-- REQUIRED ACTION --
Would it be possible to write out each entry below exactly, without the pictures?

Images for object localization
=== Begin Enclosure ===

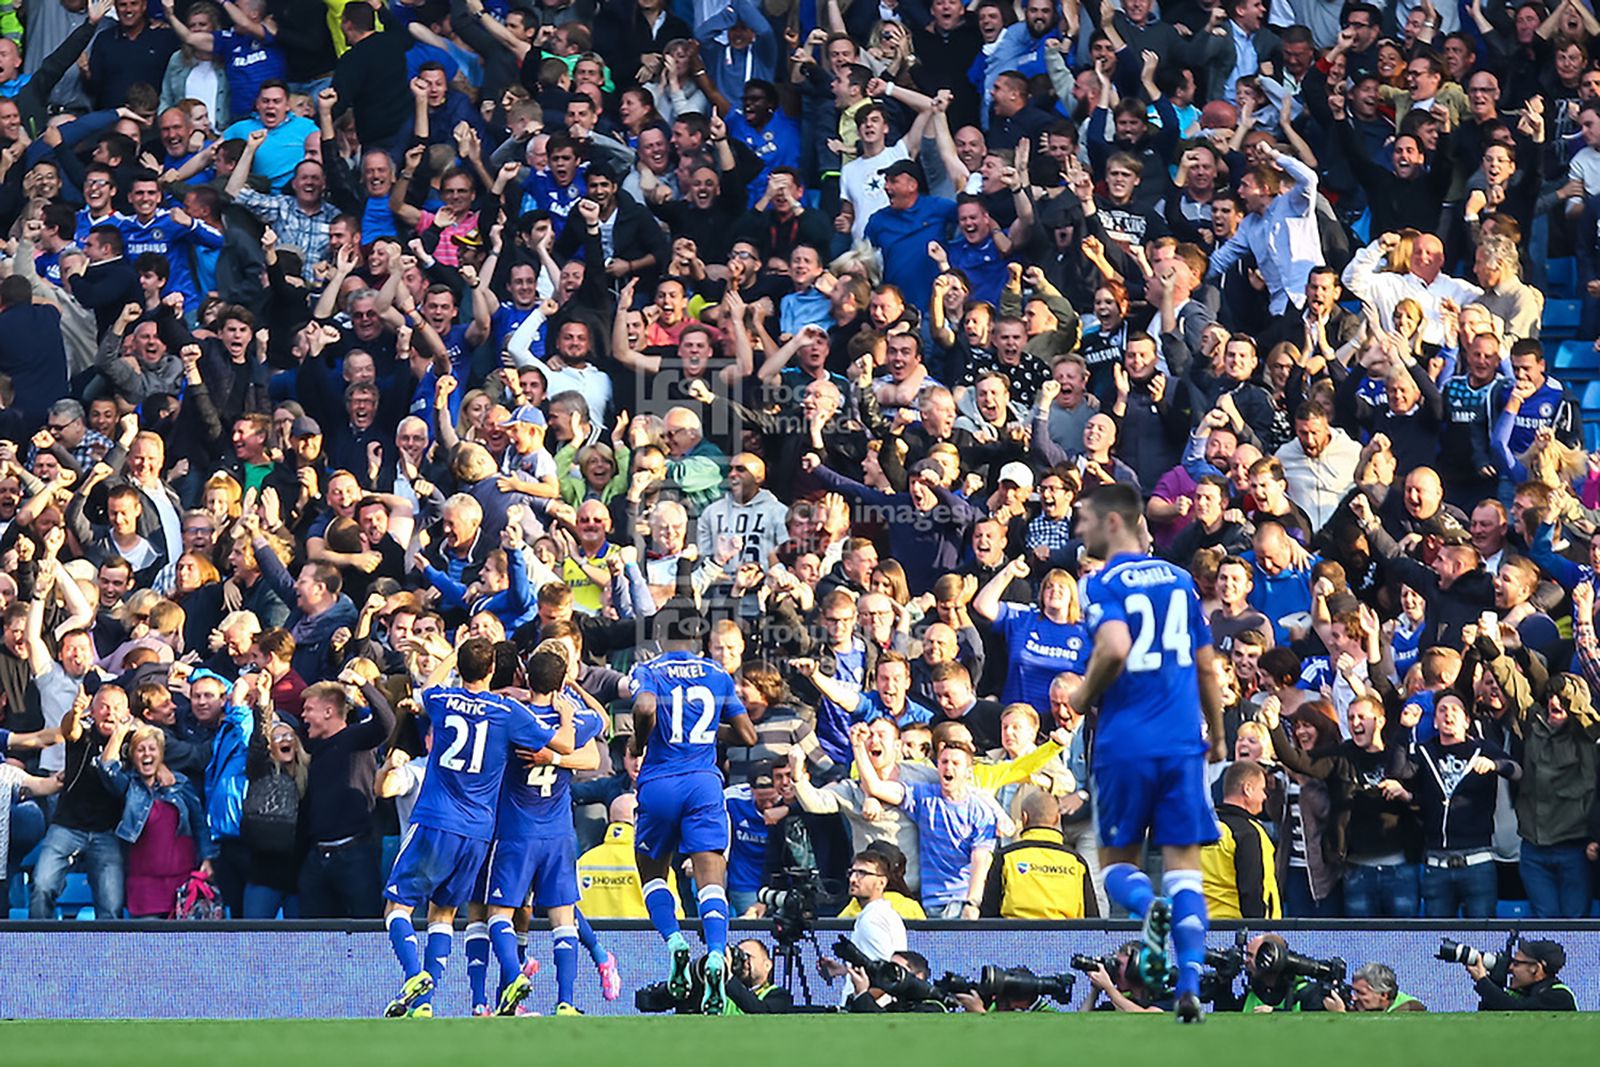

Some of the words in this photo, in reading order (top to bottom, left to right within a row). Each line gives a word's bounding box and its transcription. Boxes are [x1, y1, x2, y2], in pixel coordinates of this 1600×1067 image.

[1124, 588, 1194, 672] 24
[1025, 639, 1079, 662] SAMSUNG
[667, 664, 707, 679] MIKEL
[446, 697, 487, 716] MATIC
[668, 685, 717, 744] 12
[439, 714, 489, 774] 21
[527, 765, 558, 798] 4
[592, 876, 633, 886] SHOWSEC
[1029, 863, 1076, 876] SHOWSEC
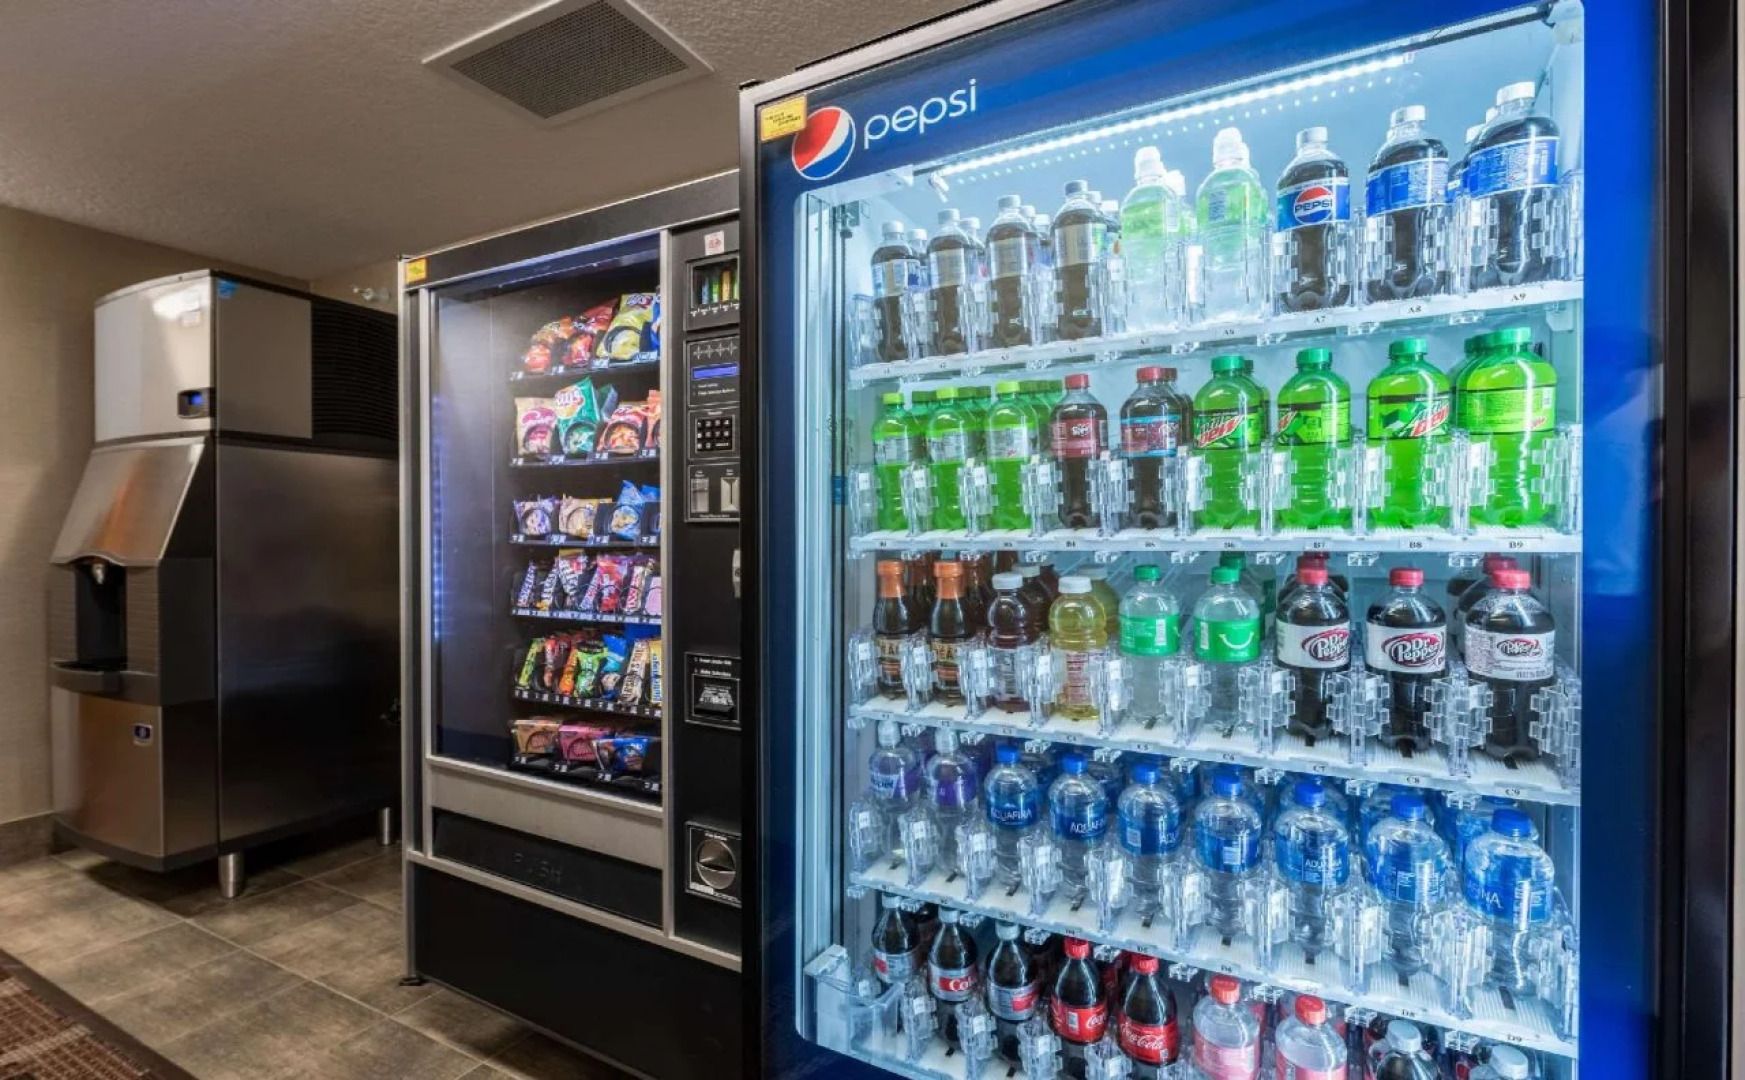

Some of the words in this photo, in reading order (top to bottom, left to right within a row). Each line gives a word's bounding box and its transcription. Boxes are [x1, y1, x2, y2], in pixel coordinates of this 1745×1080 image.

=== End Enclosure ===

-- YOUR SOLUTION --
Some of the words in this photo, in reading order (top to bottom, left to right within a row). Each line gives a word's bounding box and its transcription. Boxes are [x1, y1, x2, y2], in pixel coordinates of this 1600×1067 image.

[1124, 588, 1194, 672] 24
[1025, 639, 1079, 662] SAMSUNG
[667, 664, 707, 679] MIKEL
[446, 697, 487, 716] MATIC
[668, 685, 717, 744] 12
[439, 714, 489, 774] 21
[527, 765, 558, 798] 4
[592, 876, 633, 886] SHOWSEC
[1029, 863, 1076, 876] SHOWSEC

Some of the words in this photo, in reading order (top to bottom, left to right within a row). Each line gives a word's bounding box and its transcription. Boxes are [x1, y1, x2, y2], in pixel coordinates of this 1745×1080 image.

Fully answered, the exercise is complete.